R/cvmaPLFAM.R

Defines functions cvmaPLFAM

Documented in cvmaPLFAM

#' @title Cross-Validation Model Averaging (CVMA) for Partial Linear Functional Additive Models (PLFAMs)
#' @description Summarize the estimate of weights for averaging across all candidate models for PLFAMs, using multi-fold cross-validation criterion,
#'      and the corresponding mean squared prediction error risk.
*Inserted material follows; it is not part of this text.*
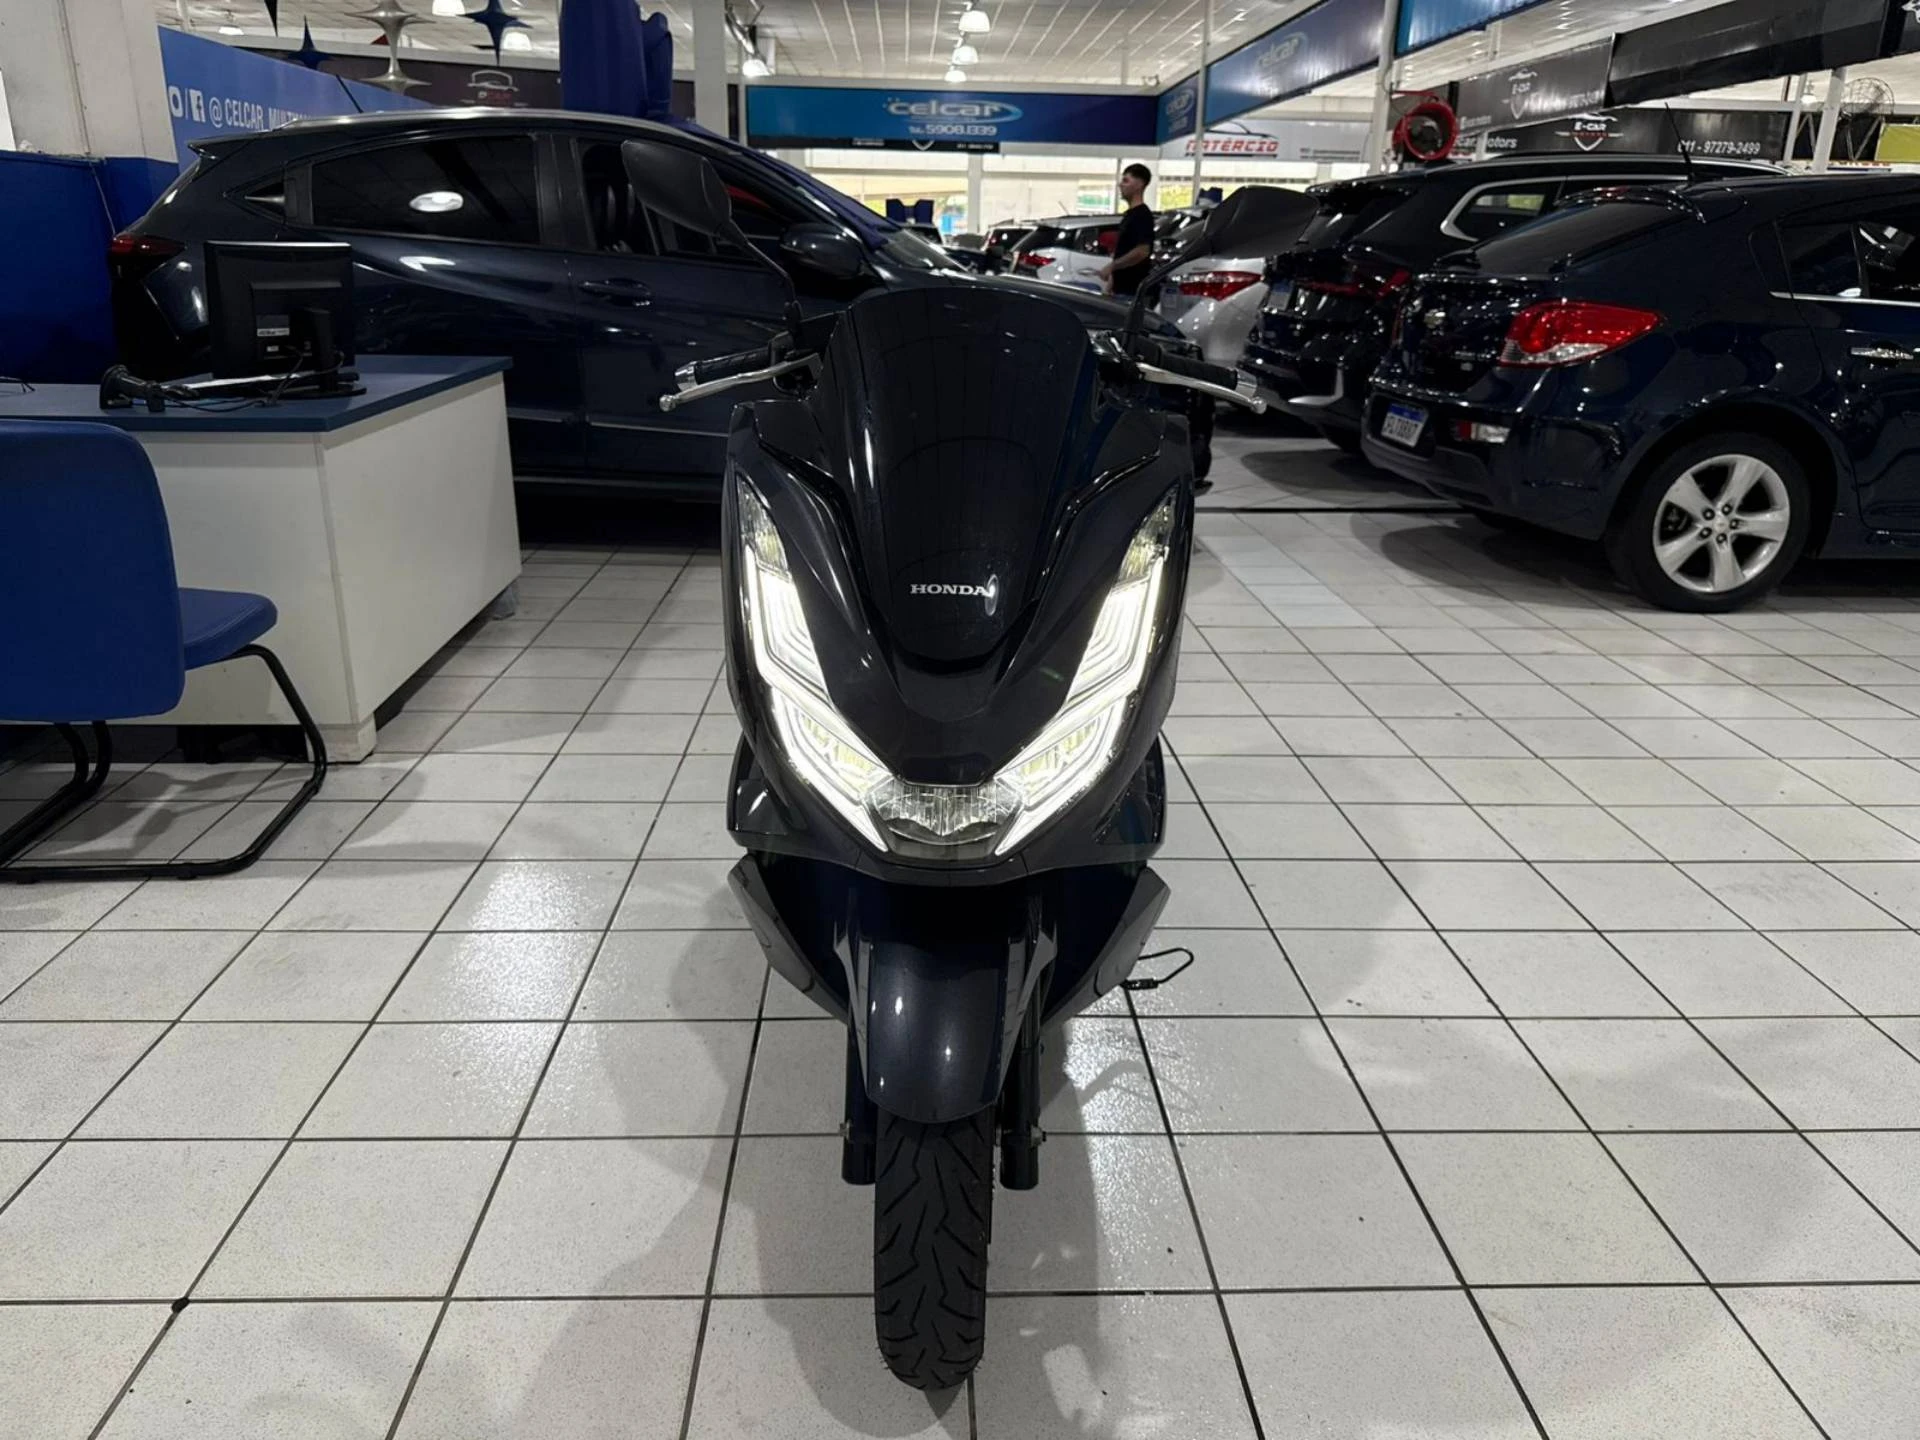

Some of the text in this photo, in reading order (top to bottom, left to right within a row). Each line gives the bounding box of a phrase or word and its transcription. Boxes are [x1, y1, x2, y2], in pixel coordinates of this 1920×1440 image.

[888, 100, 1000, 117] celcar
[1574, 121, 1607, 131] E-CAR
[910, 584, 990, 596] HONDA
Additionally, the results of AIC, BIC, SAIC and SBIC are delivered simultaneously.
#'
#' @param Y The vector of the scalar response variable.
#' @param scalars The design matrix of scalar predictors.
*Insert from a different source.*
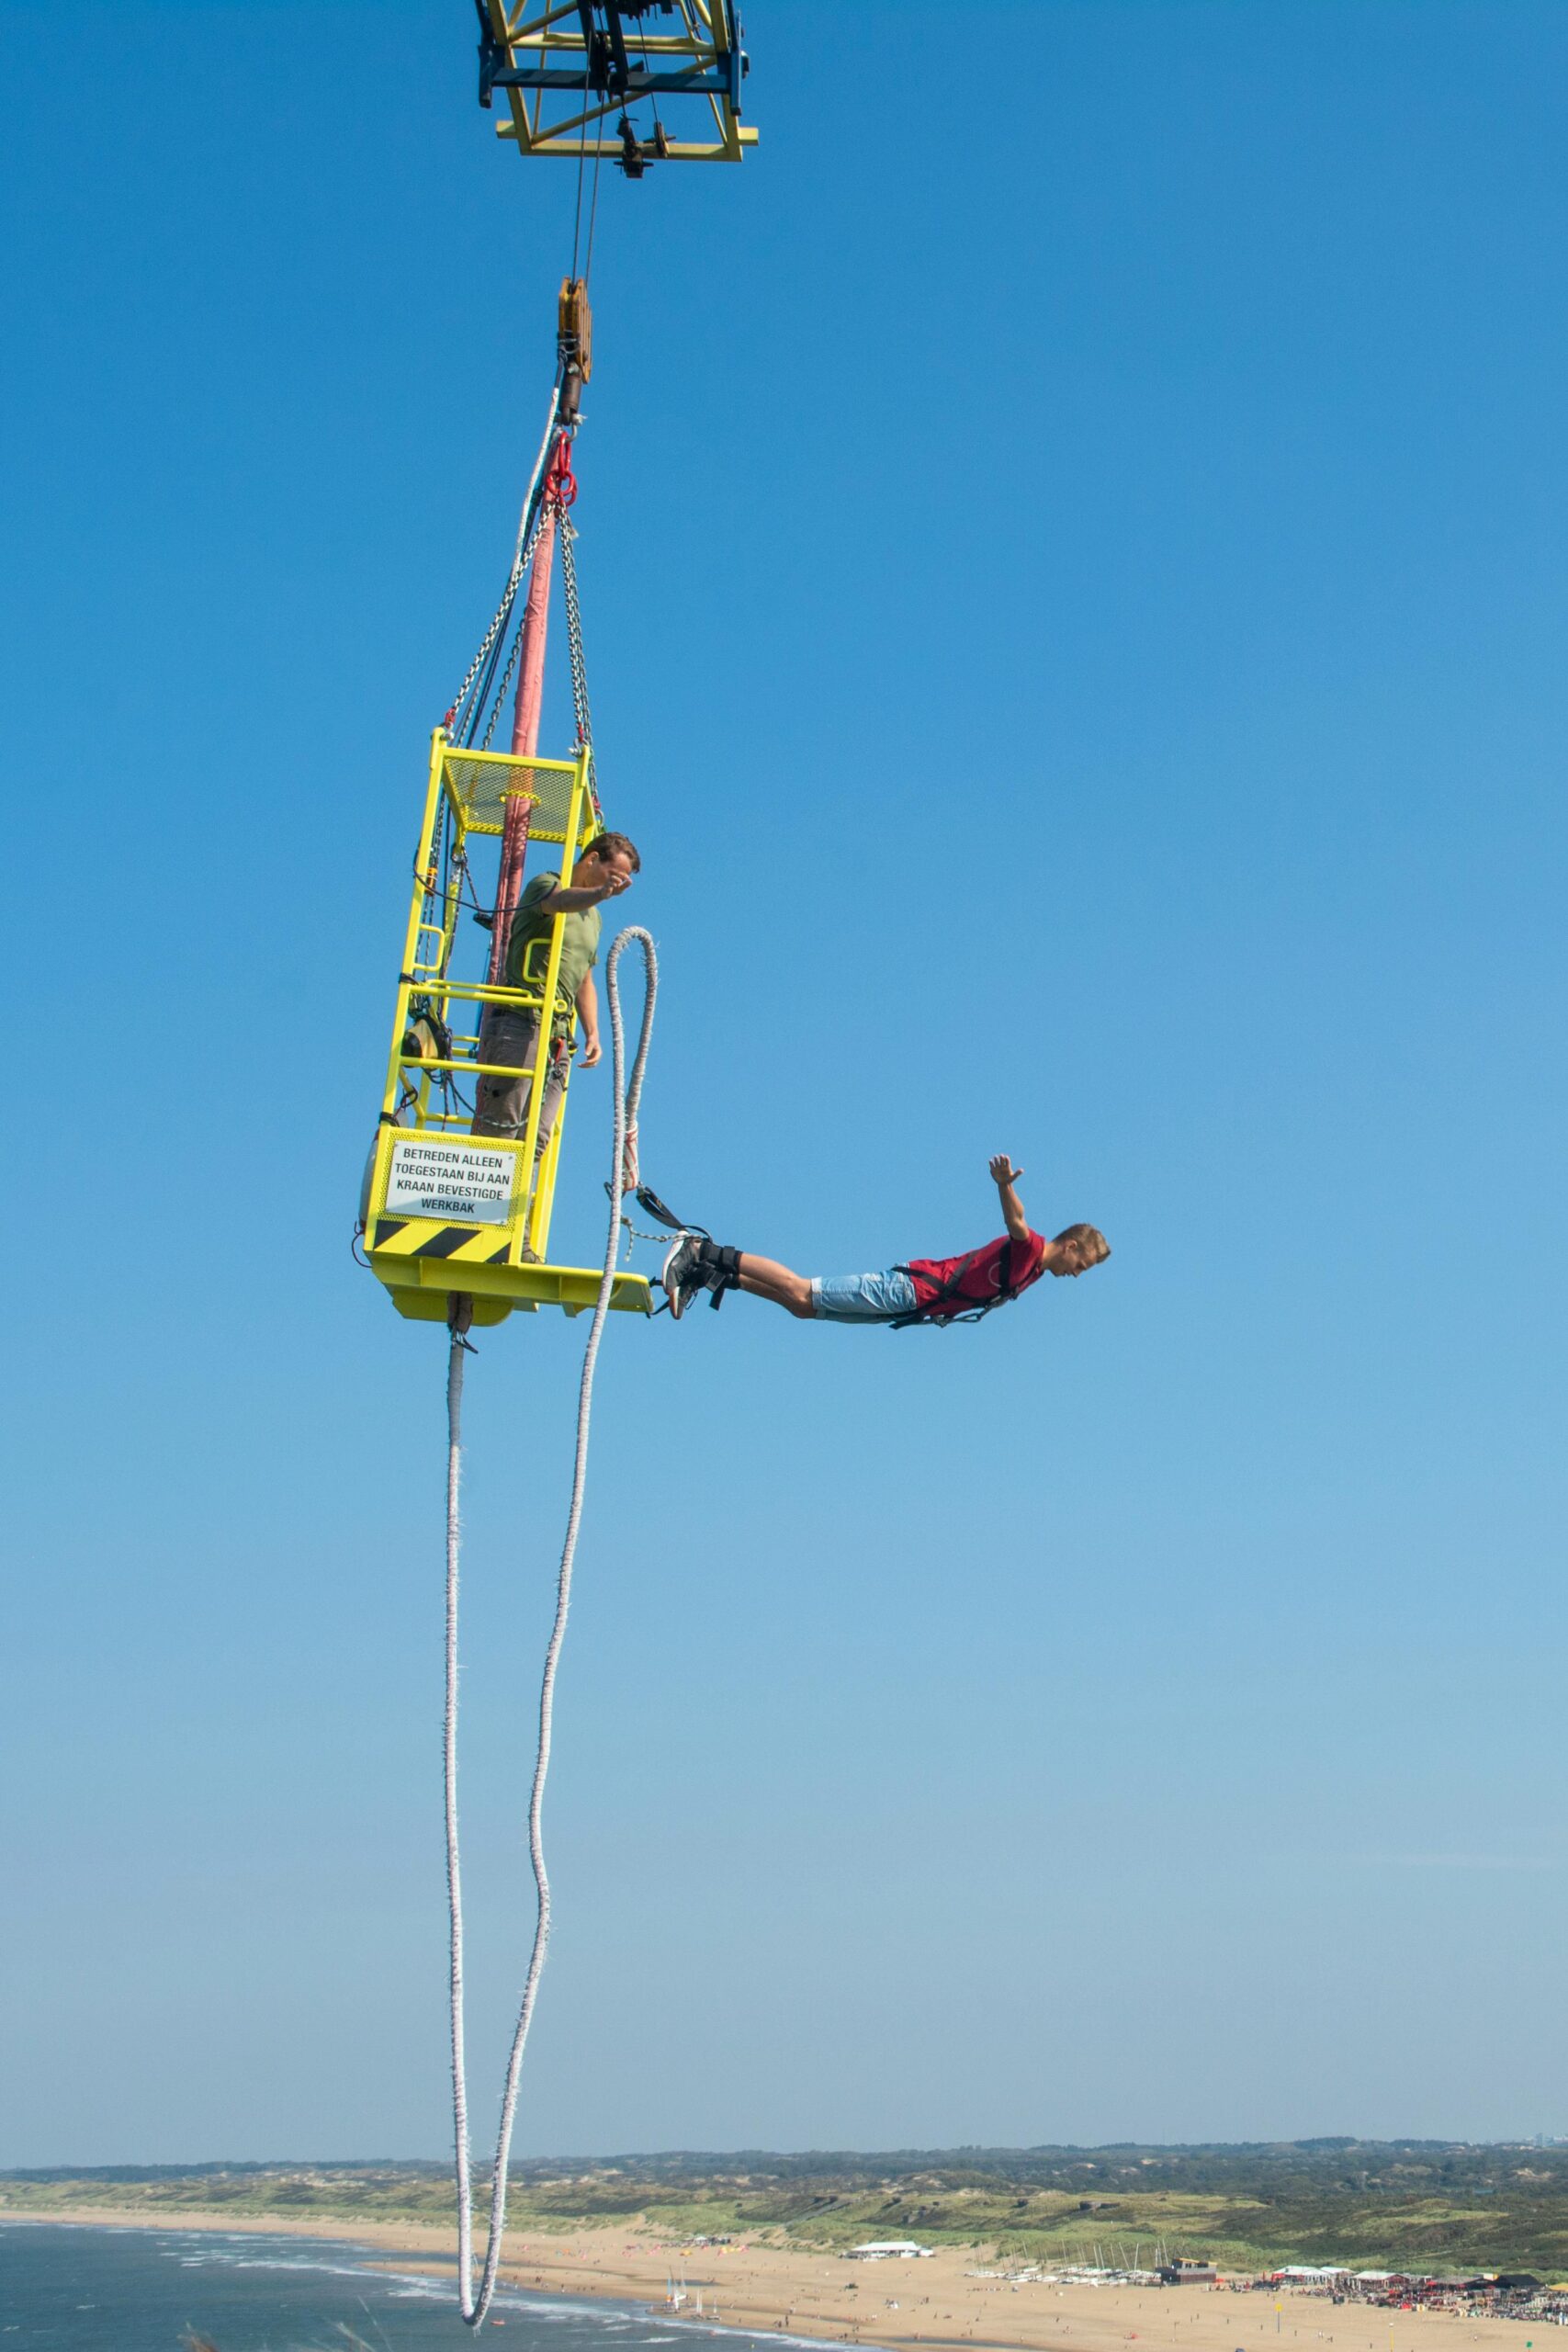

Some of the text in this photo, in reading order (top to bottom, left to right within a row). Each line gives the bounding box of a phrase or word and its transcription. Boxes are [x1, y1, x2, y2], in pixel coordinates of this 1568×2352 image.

#' @param functional The matrix including records/measurements of the functional predictor.
#' @param Y.test Test data: The vector of the scalar response variable.
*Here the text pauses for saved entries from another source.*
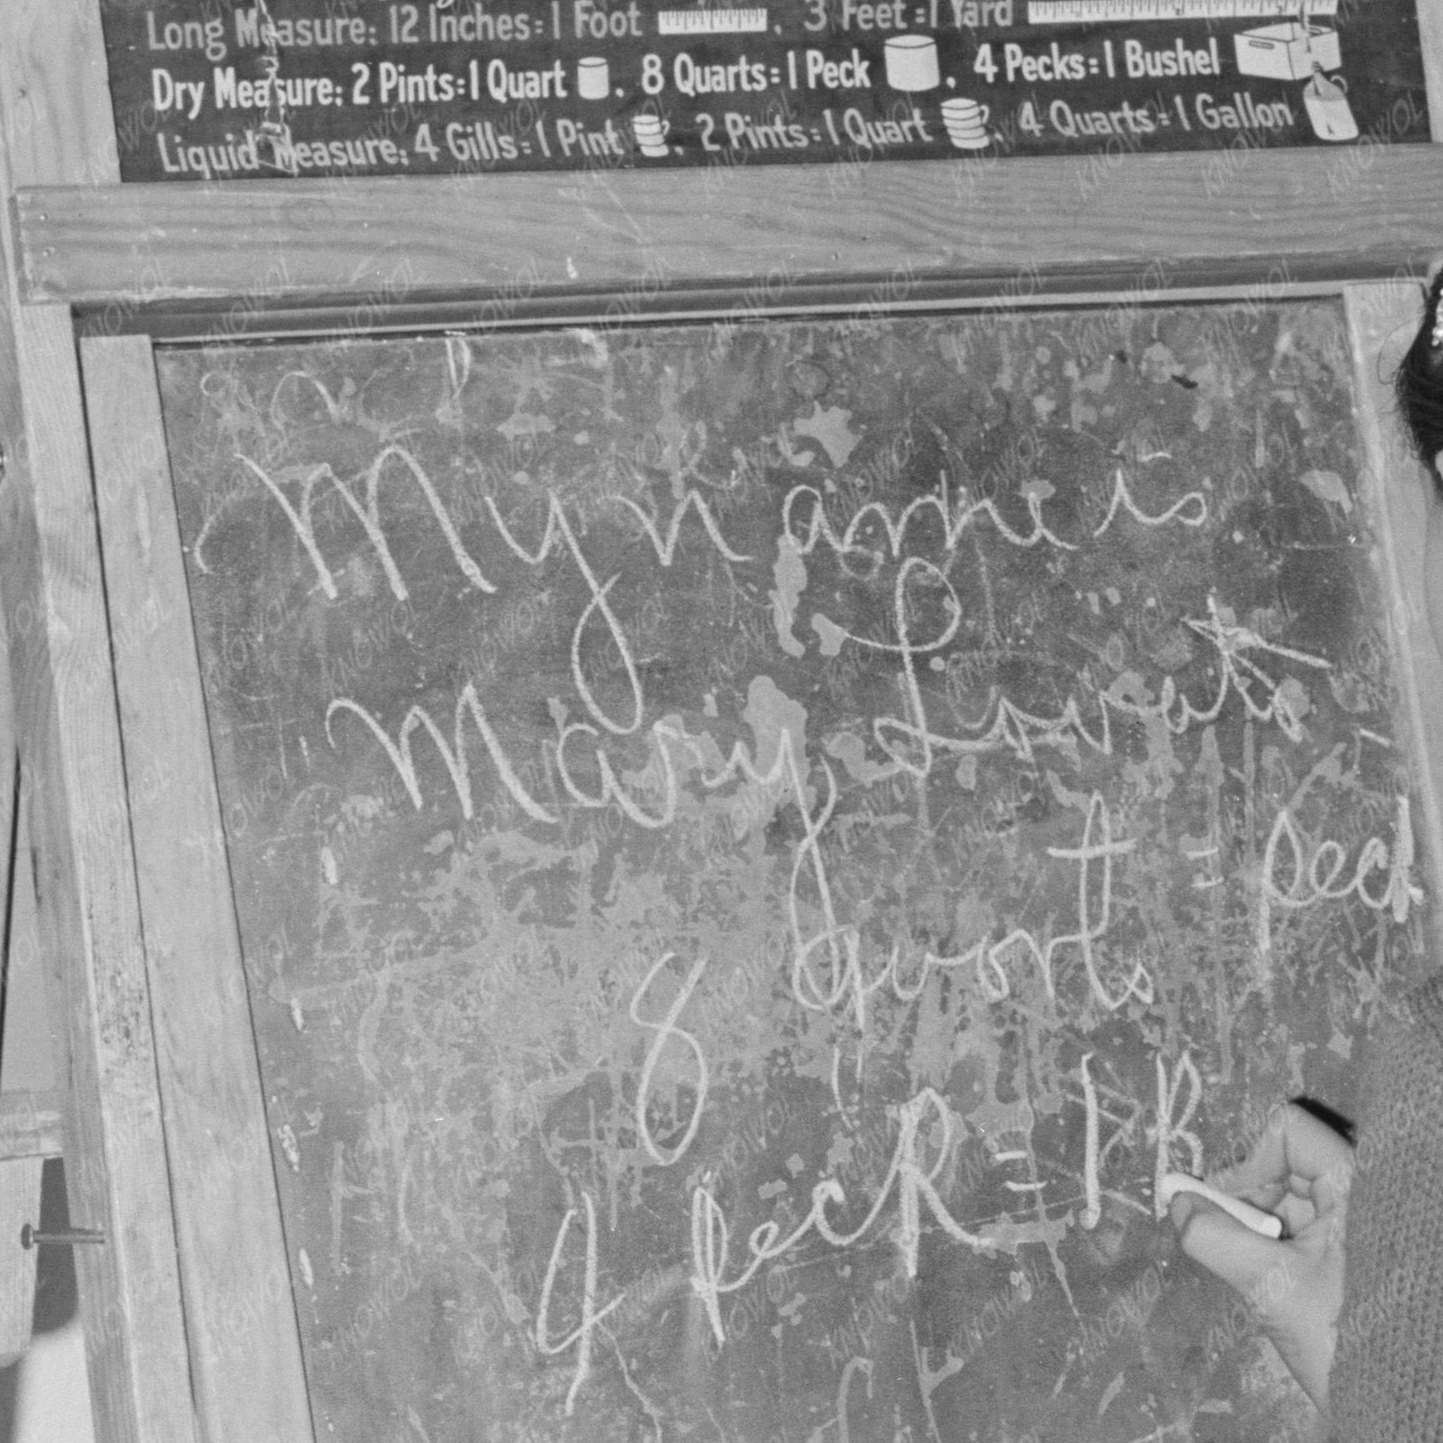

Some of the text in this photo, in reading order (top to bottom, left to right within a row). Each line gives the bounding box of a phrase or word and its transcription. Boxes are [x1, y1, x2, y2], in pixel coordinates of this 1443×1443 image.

[147, 9, 227, 62] Long
[389, 3, 419, 44] 12
[574, 0, 643, 38] Foot
[641, 53, 665, 95] 8
[806, 48, 871, 89] Peck
[973, 43, 998, 83] 4
[1124, 37, 1220, 78] Bushel
[152, 68, 205, 121] Dry
[351, 62, 371, 105] 2
[487, 59, 568, 104] Quart
[695, 113, 721, 152] 2
[843, 108, 933, 149] Quart
[1019, 101, 1045, 138] 4
[1195, 92, 1295, 131] Gallon
[157, 130, 259, 180] Liquid
[414, 123, 440, 162] 4
[556, 118, 625, 157] Pint
#' @param scalars.test Test data: The design matrix of scalar predictors.
#' @param functional.test Test data: The matrix including records/measurements of the functional predictor.
#' @param tt The vector of recording/measurement points for the functional predictor.
#' @param nump The number of scalar predictors in candidate models.
#' @param numfpcs The number of functional principal components (FPCs) for the functional predictor in candidate models.
#' @param nbasis The number of basis functions used for spline approximation.
#' @param nfolds The number of folds used in cross-validation.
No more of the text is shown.